New Operational Models
Operationally, this model opens a world of new possibilities. For artificial intelligence, this means pairing algorithm training with test data on the public cloud with the ability to run inferencing workloads with sensitive data in the on-premises private environment.
From oil rigs to natural-disaster sites, remote operational locations can avoid the need for gigabyte network connectivity to the public cloud due to local accessibility issues and still deliver powerful video and geospatial processing capabilities. The solution can also locally store and process the petabytes of data needed for mining and energy-related scenarios. This versatile platform can even support military forward operating bases with the environmentally hardened Tactical Azure Stack Hub.

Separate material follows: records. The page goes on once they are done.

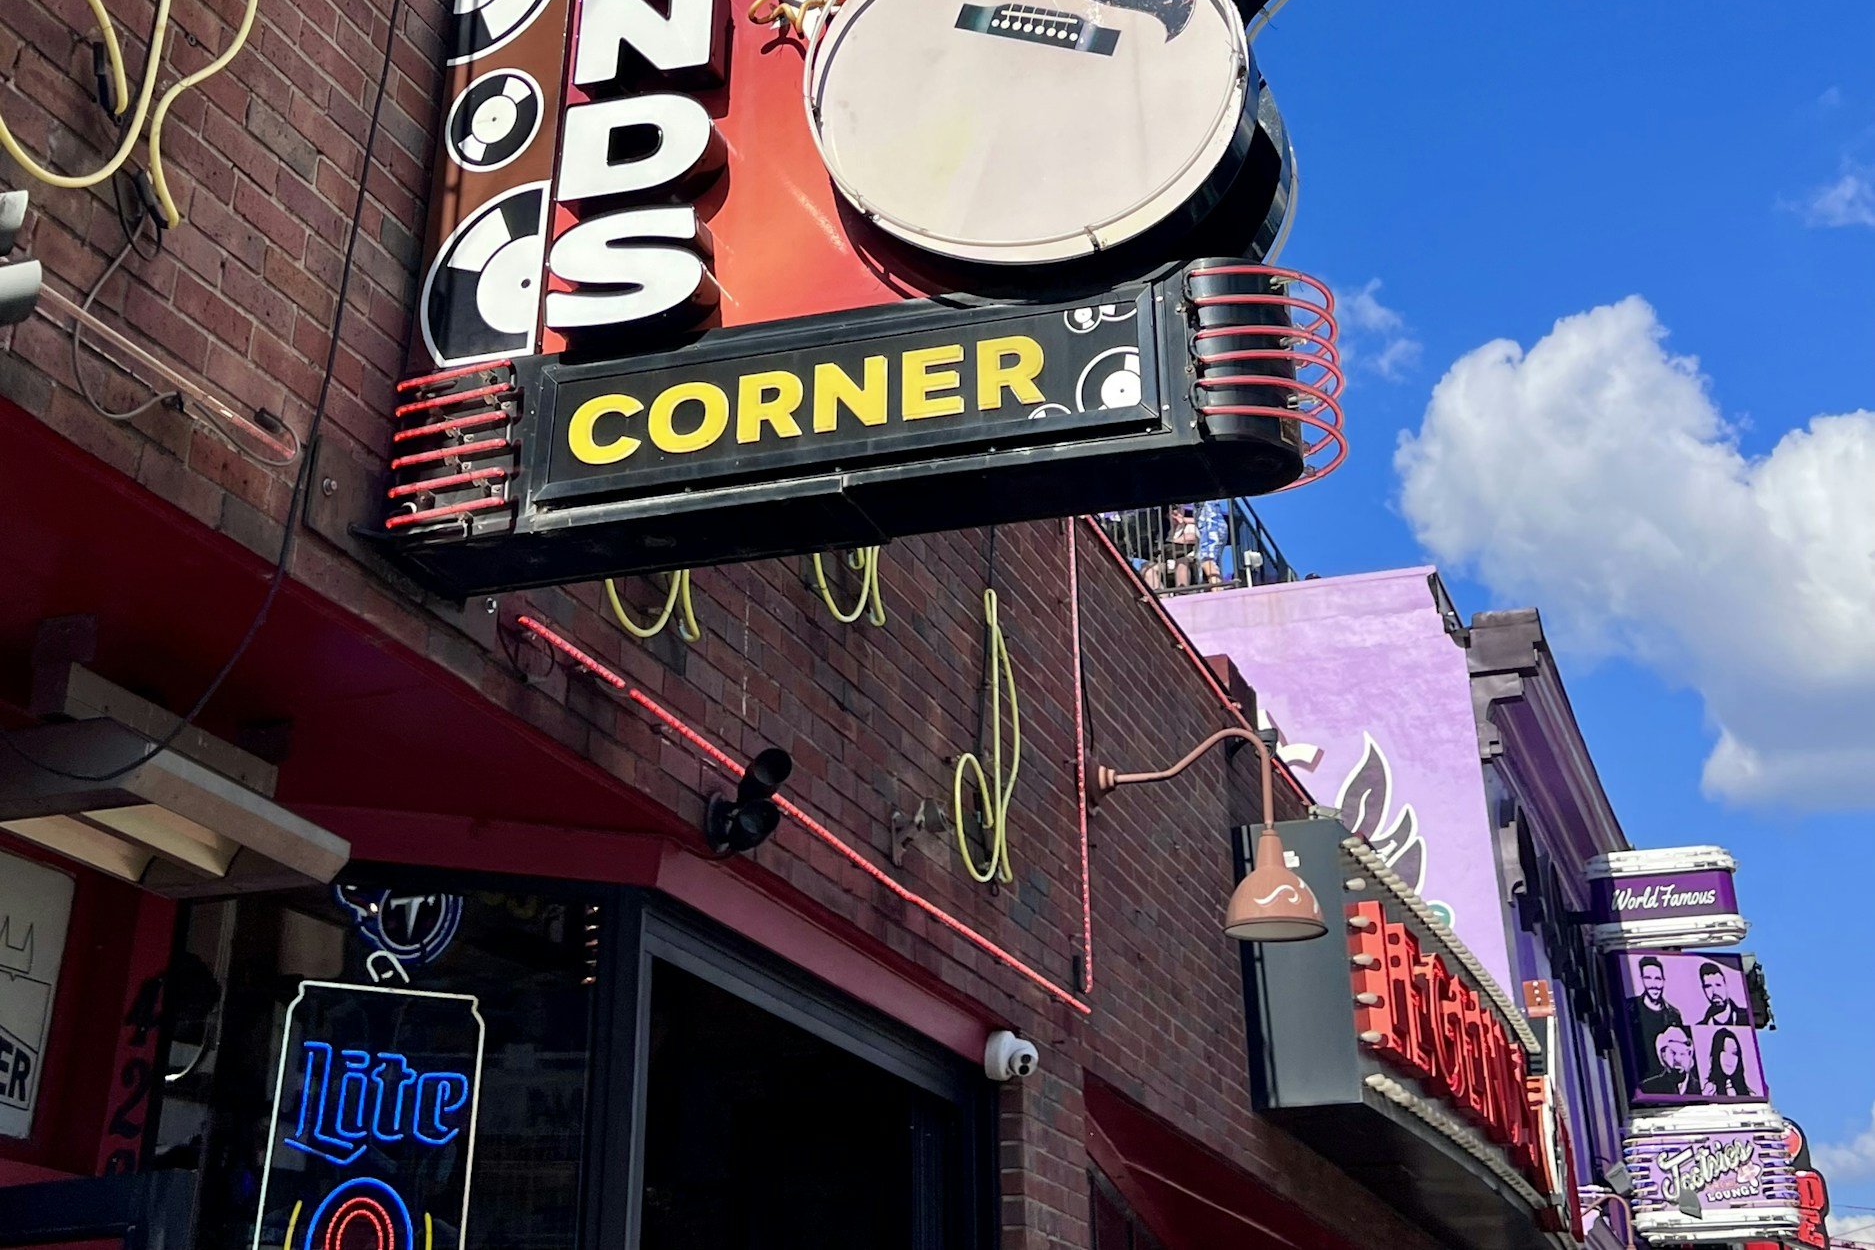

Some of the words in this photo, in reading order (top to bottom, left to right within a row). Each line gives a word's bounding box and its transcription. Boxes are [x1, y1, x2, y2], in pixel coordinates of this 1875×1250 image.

[567, 335, 1047, 465] CORNER
[1611, 885, 1659, 911] World
[1660, 883, 1716, 907] Famous
[285, 1041, 469, 1164] Lite
[1706, 1185, 1759, 1202] LOUNGE
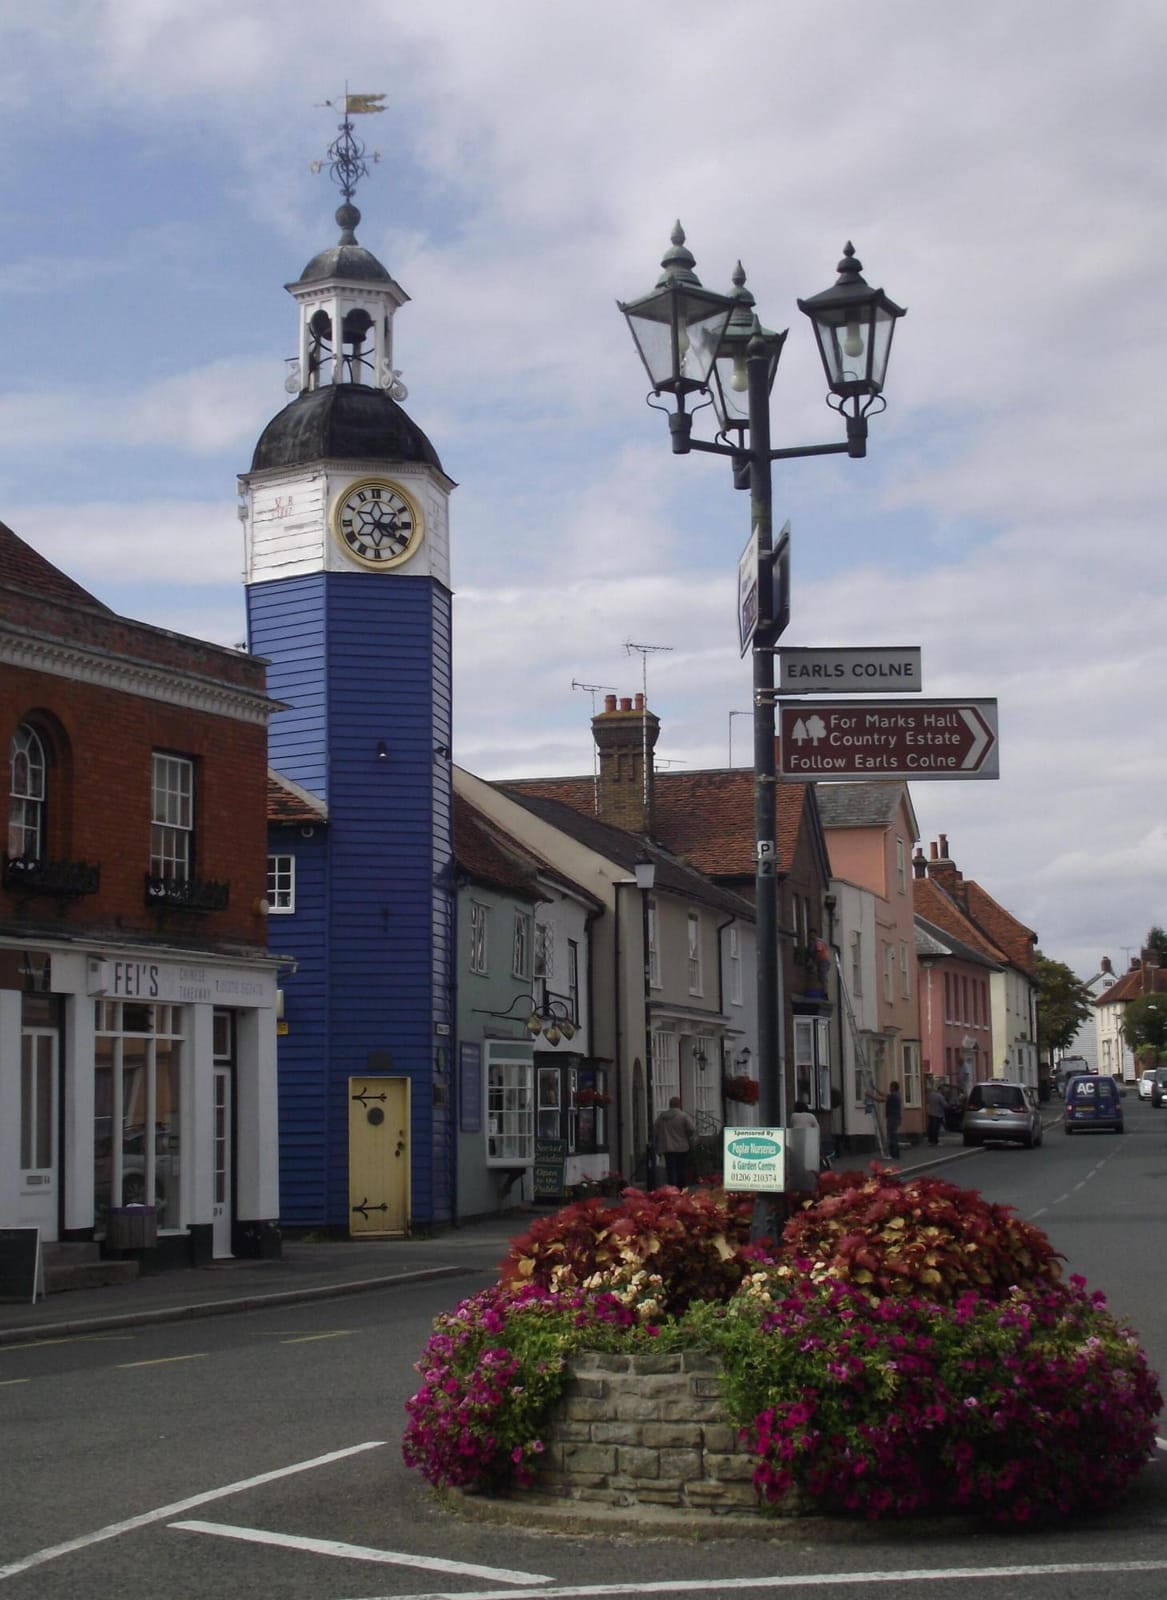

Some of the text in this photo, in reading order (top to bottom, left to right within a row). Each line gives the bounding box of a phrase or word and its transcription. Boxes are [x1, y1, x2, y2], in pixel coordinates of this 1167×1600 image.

[787, 662, 914, 678] EARLS COLNE
[830, 712, 958, 729] For Marks Hall
[829, 731, 961, 748] Country Estate
[790, 752, 957, 769] Follow Earls Colne
[760, 843, 770, 857] P
[762, 860, 772, 875] 2
[114, 961, 159, 997] FEI'S
[1076, 1082, 1096, 1095] AC
[731, 1173, 751, 1182] 01206
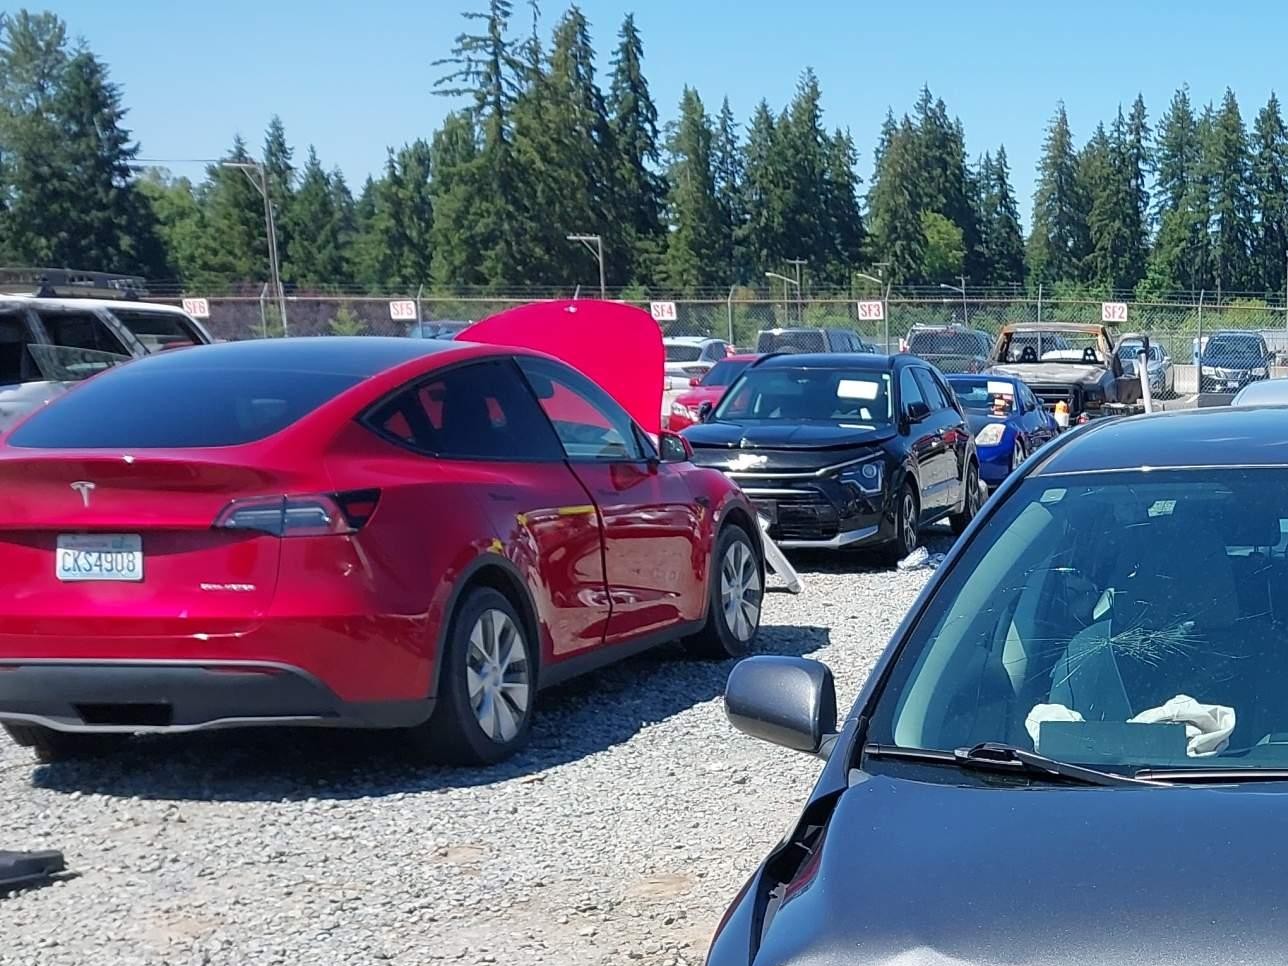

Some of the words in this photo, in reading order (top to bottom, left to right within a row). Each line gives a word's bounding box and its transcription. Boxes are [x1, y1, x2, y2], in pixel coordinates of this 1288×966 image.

[185, 300, 206, 317] SF6
[392, 302, 414, 316] SF5
[652, 303, 674, 317] SF4
[859, 303, 881, 317] SF3
[1104, 305, 1126, 319] SF2
[62, 551, 137, 573] CKS4908
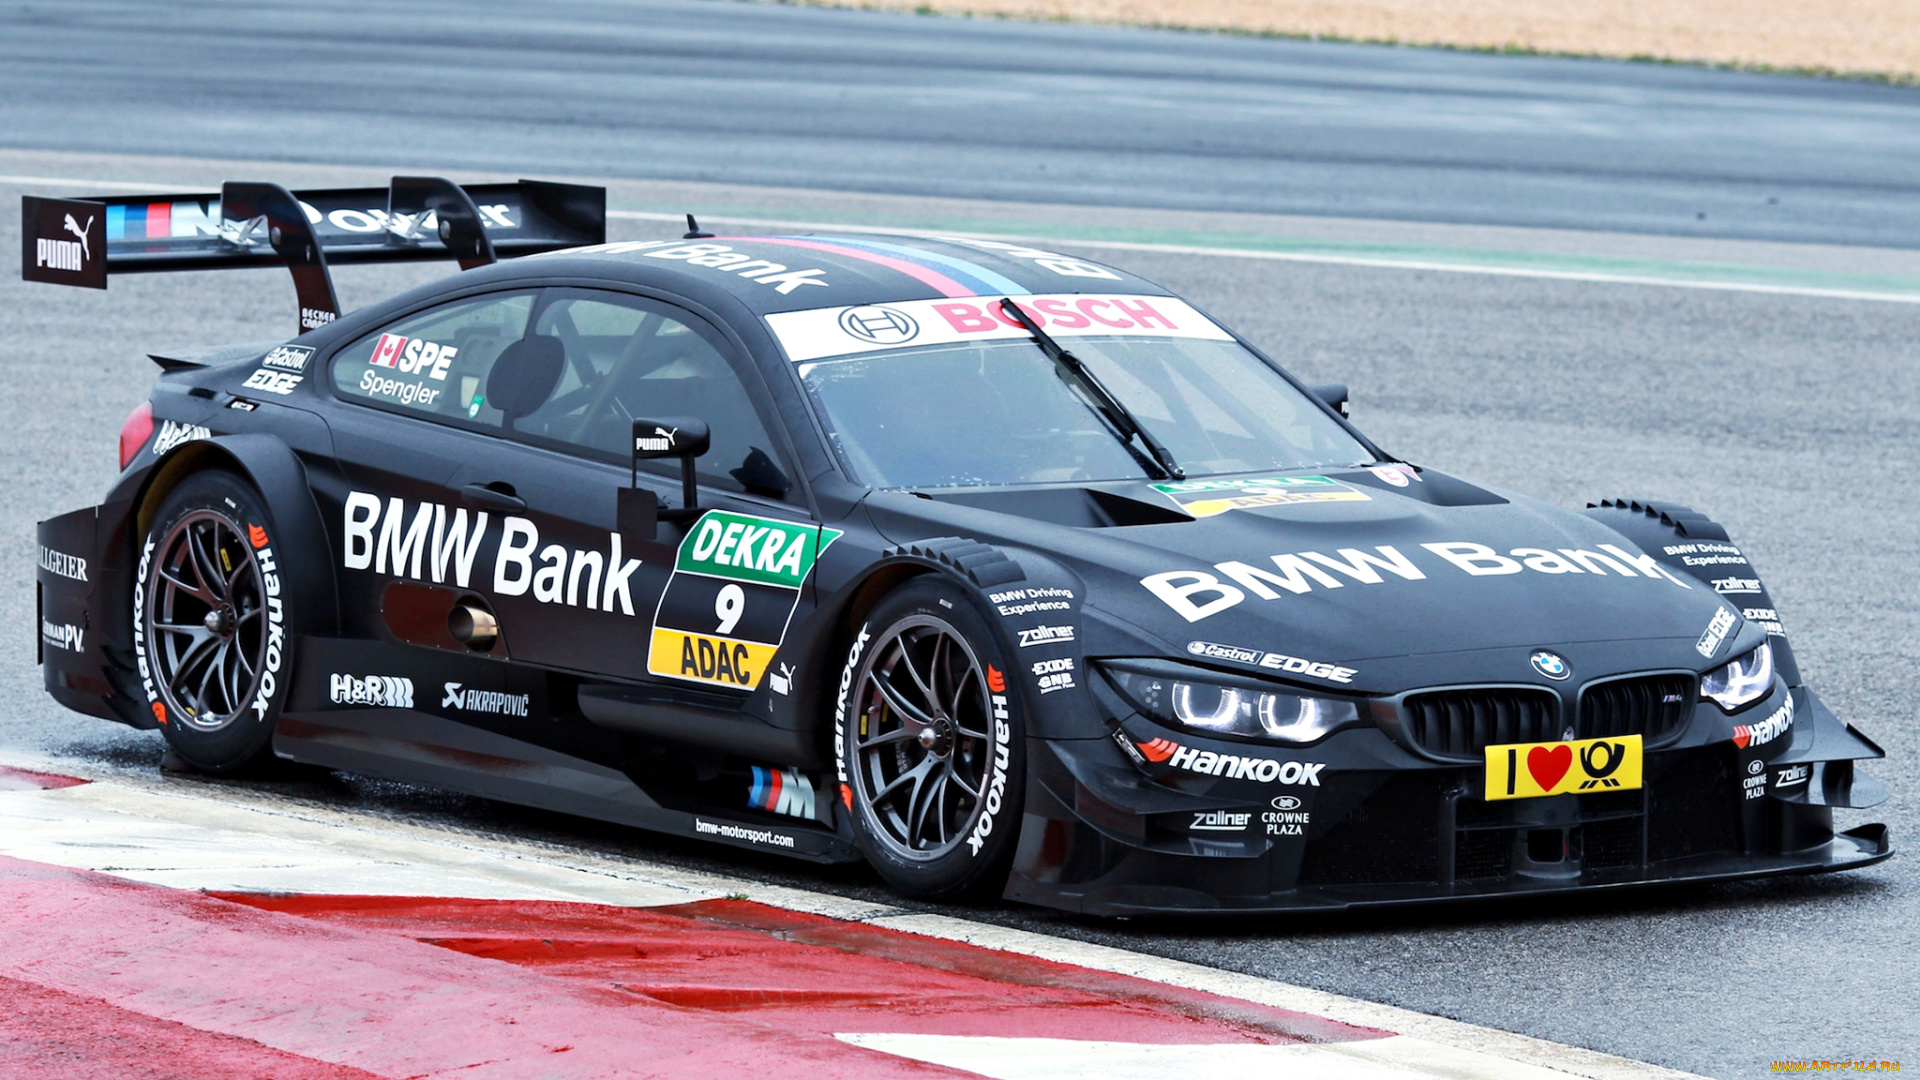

Azure Stack Hub customers receive real competitive value to their organizational business challenges through the integrated system’s ability to deliver exceptional GPU performance to IaaS and PaaS services across a hybrid cloud platform. It also offers business agility and the flexibility to run any workload (on-premises or in the cloud) while effectively addressing scenario-based data classification and data sovereignty laws.
A New Approach to Data Center Administration
As mentioned before, this stack is not like a traditional data center infrastructure appliance. Managing services from Azure Stack Hub is more akin to the management of cloud services.
As a member of the acquiring organization’s staff, the administrator’s focus will be on delivering quality cloud services to internal customers. The role is to ensure Azure services are highly available on the private infrastructure and that all internal customers have self-service access to provision, configure, and consume those services.
While this evolution may require additional training, this new hybrid cloud model encompasses the cultural, mindset shift, and operational changes that leading companies are embracing today.
The Future of the Data Center
This solution challenges the current definition of a hybrid cloud. It also provides a glimpse of the future of enterprise IT. Imagine a private data center fully provisioned with zero cash outlay. Where even though every piece of hardware and every bit of data remains in your private data center, but you pay only for the services you use when you use them.
Preetham Mukhatira, Director of Product Management at Dell/EMC, says, “You will go to a catalog where you’re able to order your Dell EMC Integrated System for Microsoft Azure Stack Hub. Dell Technologies will deliver the integrated system to you on-premises. You would then flip a switch to turn it on. Dell Technologies will manage it for you and accurately meter usage. The organization will pay one bill that includes Azure, the Dell EMC storage, and the advanced Dell Technologies management services.”